[TASK DESCRIPTION]
This exercise calls for duplicating every entry below exactly, without the images.

[DATA FOR REVIEW]
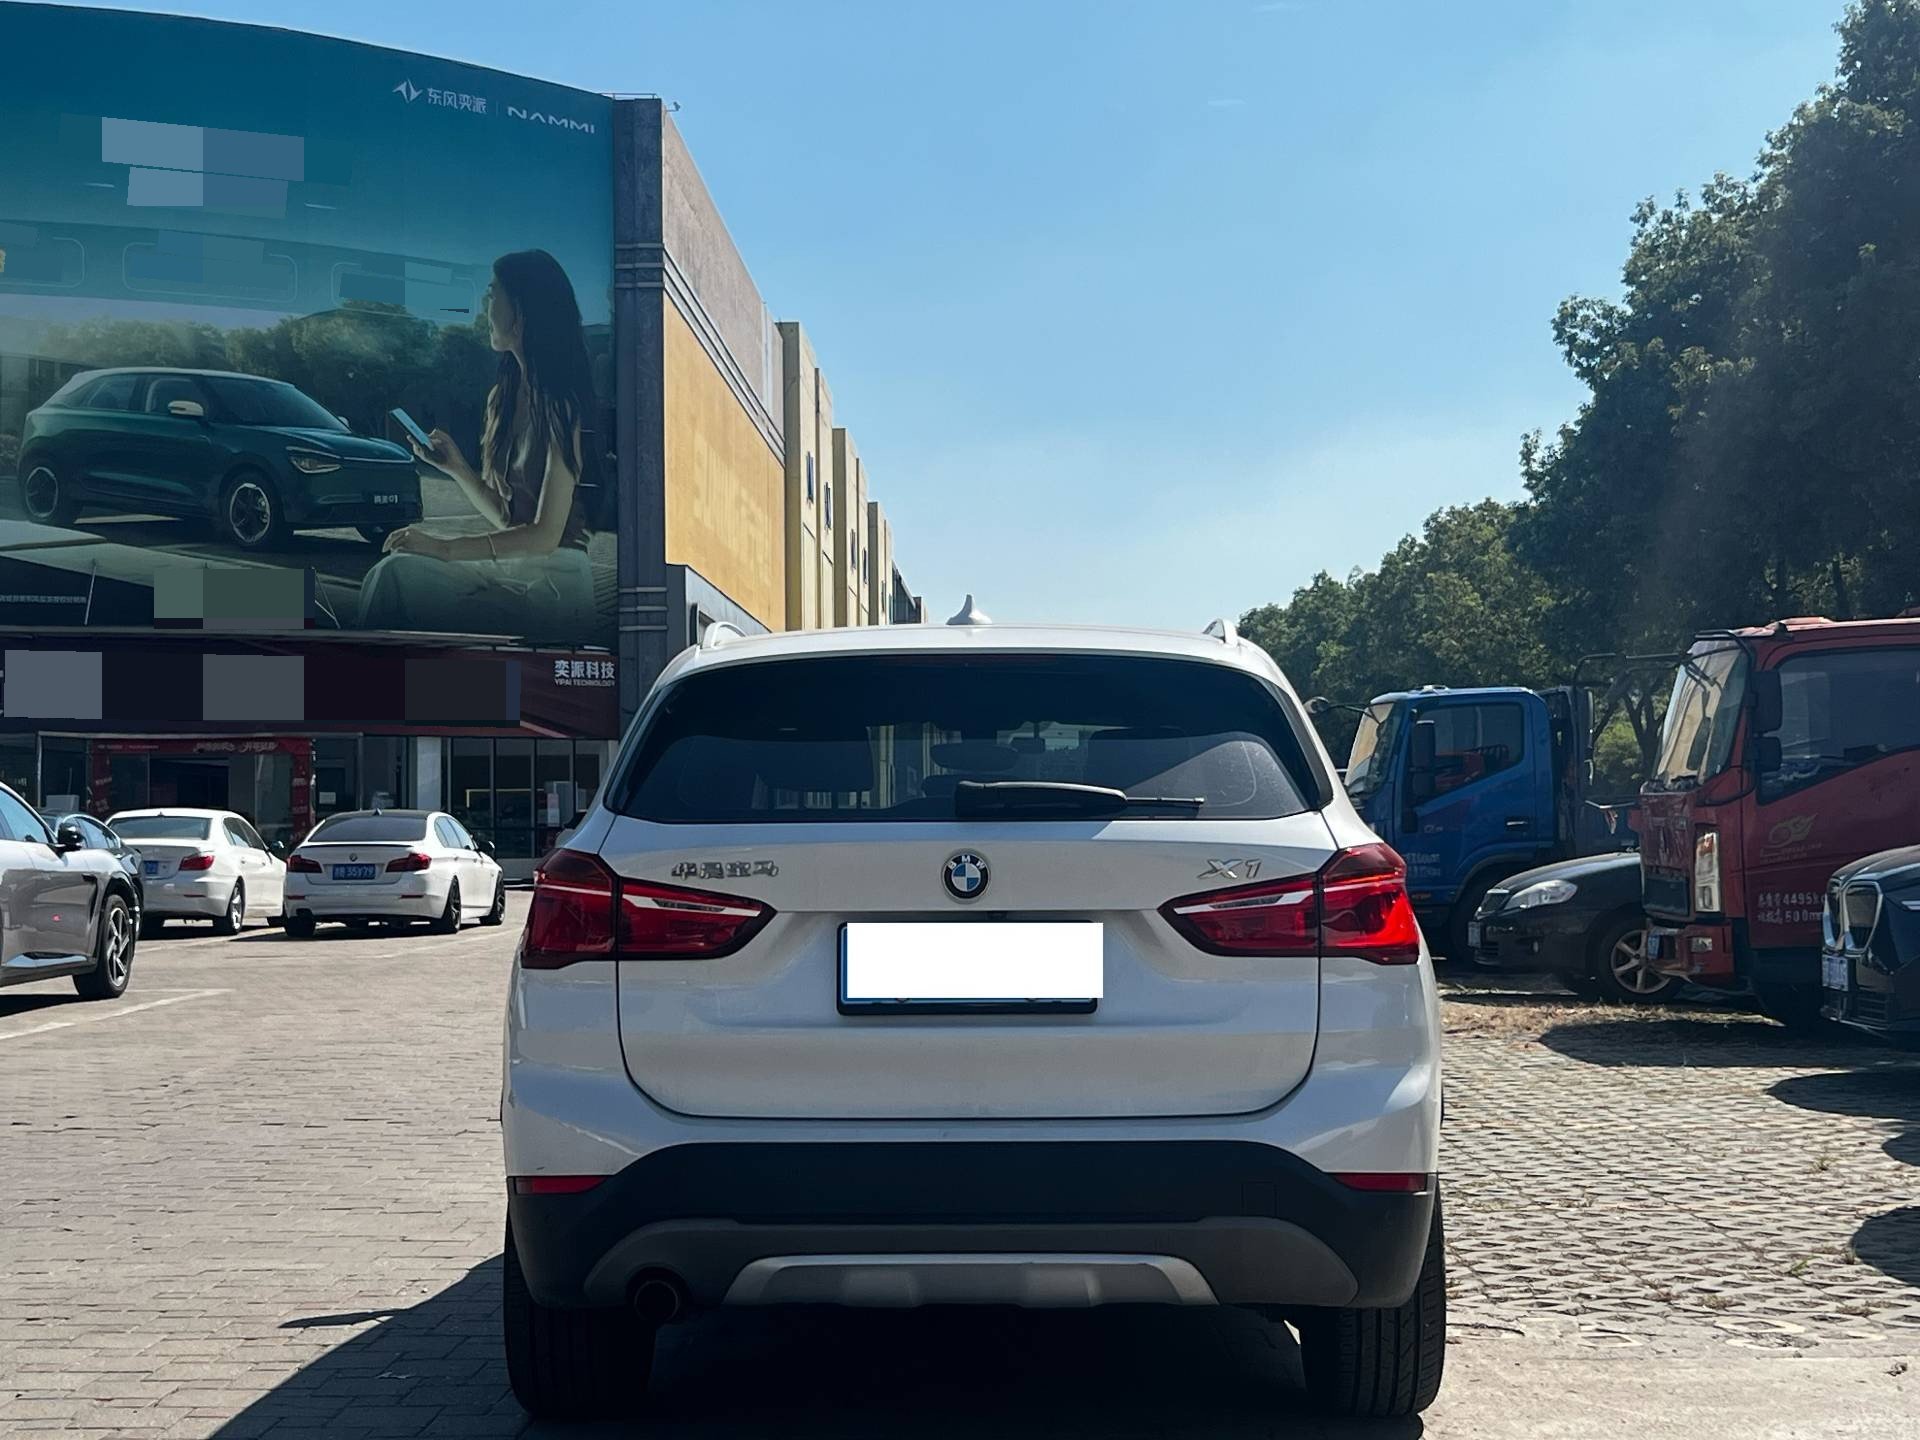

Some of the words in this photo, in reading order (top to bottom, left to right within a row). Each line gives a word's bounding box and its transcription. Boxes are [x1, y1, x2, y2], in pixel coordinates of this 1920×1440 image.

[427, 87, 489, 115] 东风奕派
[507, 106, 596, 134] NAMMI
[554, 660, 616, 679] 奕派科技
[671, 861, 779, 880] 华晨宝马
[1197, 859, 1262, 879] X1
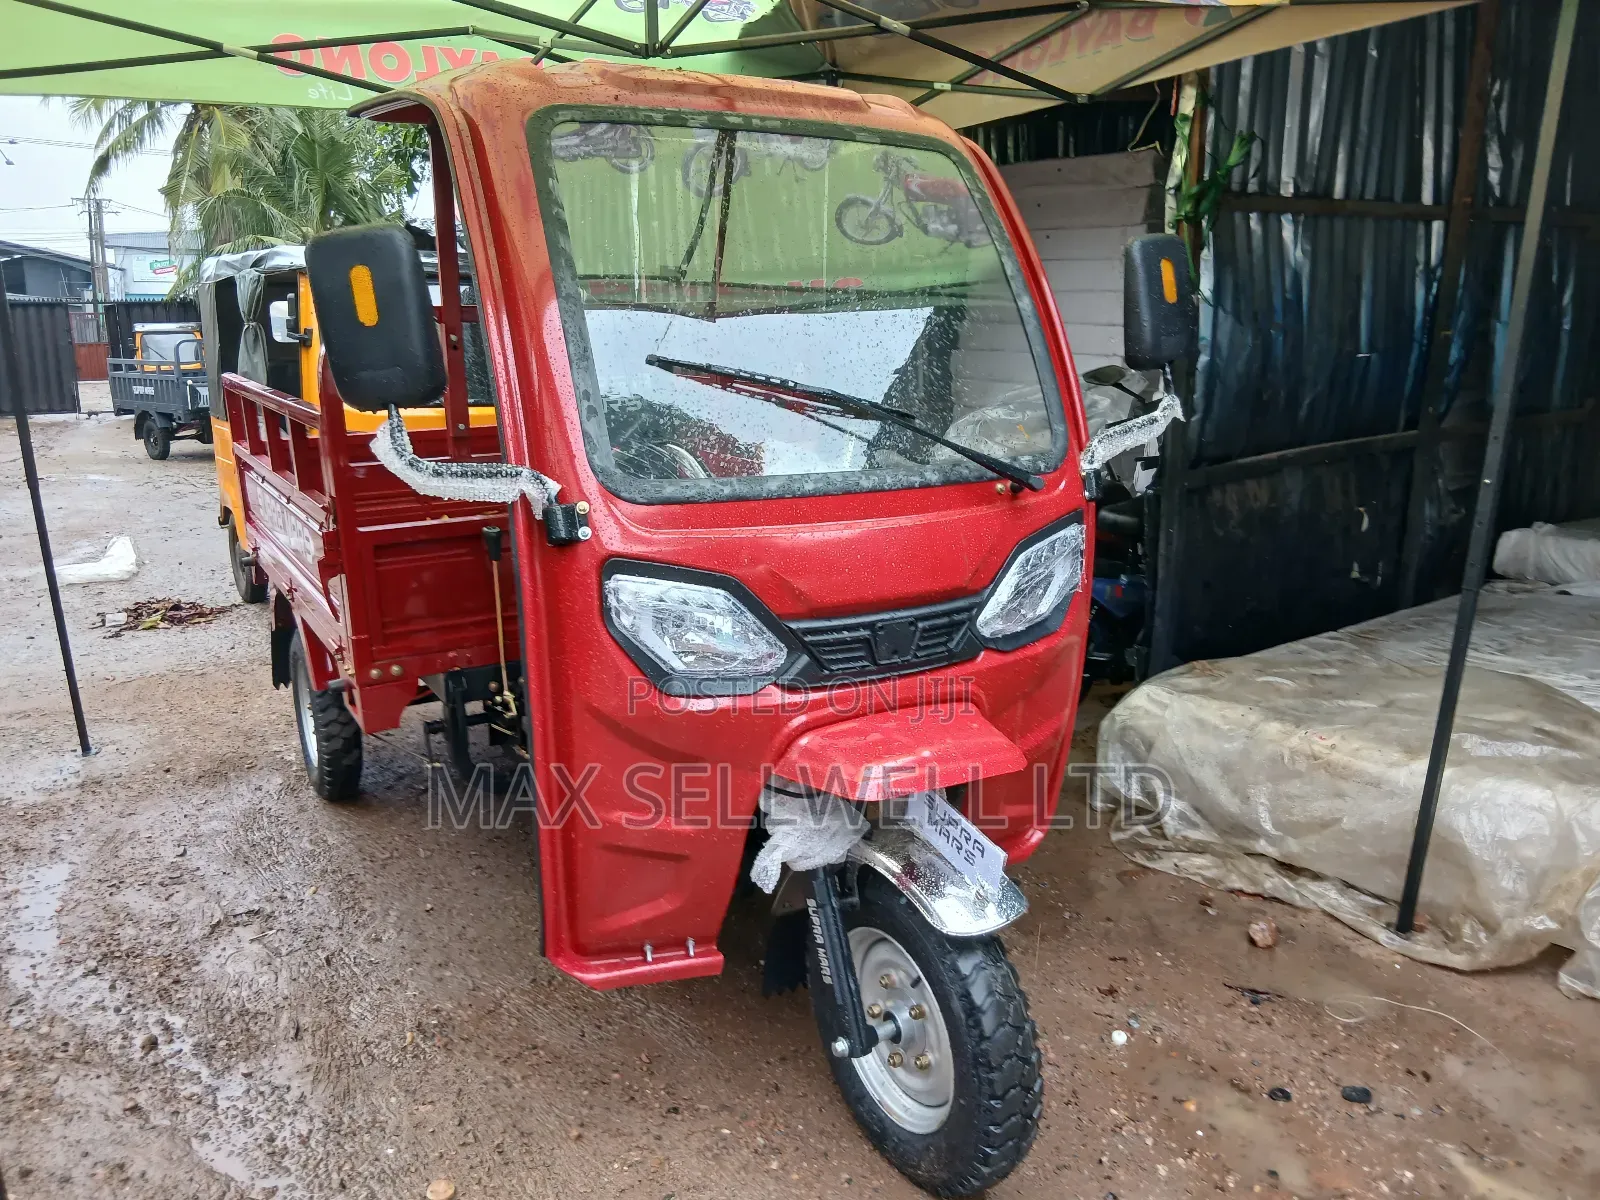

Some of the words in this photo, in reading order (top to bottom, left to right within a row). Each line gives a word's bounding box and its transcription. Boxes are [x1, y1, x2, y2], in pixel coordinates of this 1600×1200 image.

[RESPONSE TO THIS TASK]
Some of the words in this photo, in reading order (top to bottom, left to right within a row). Each line gives a word's bounding box and its transcription. Boxes are [x1, y1, x2, y2], in pixel coordinates of this 1920×1440 image.

[427, 87, 489, 115] 东风奕派
[507, 106, 596, 134] NAMMI
[554, 660, 616, 679] 奕派科技
[671, 861, 779, 880] 华晨宝马
[1197, 859, 1262, 879] X1

Some of the words in this photo, in reading order (top to bottom, left to right within a row). Each line gives a word's bounding box and its transcription. Boxes are [x1, y1, x2, y2], in pixel coordinates of this 1600×1200 image.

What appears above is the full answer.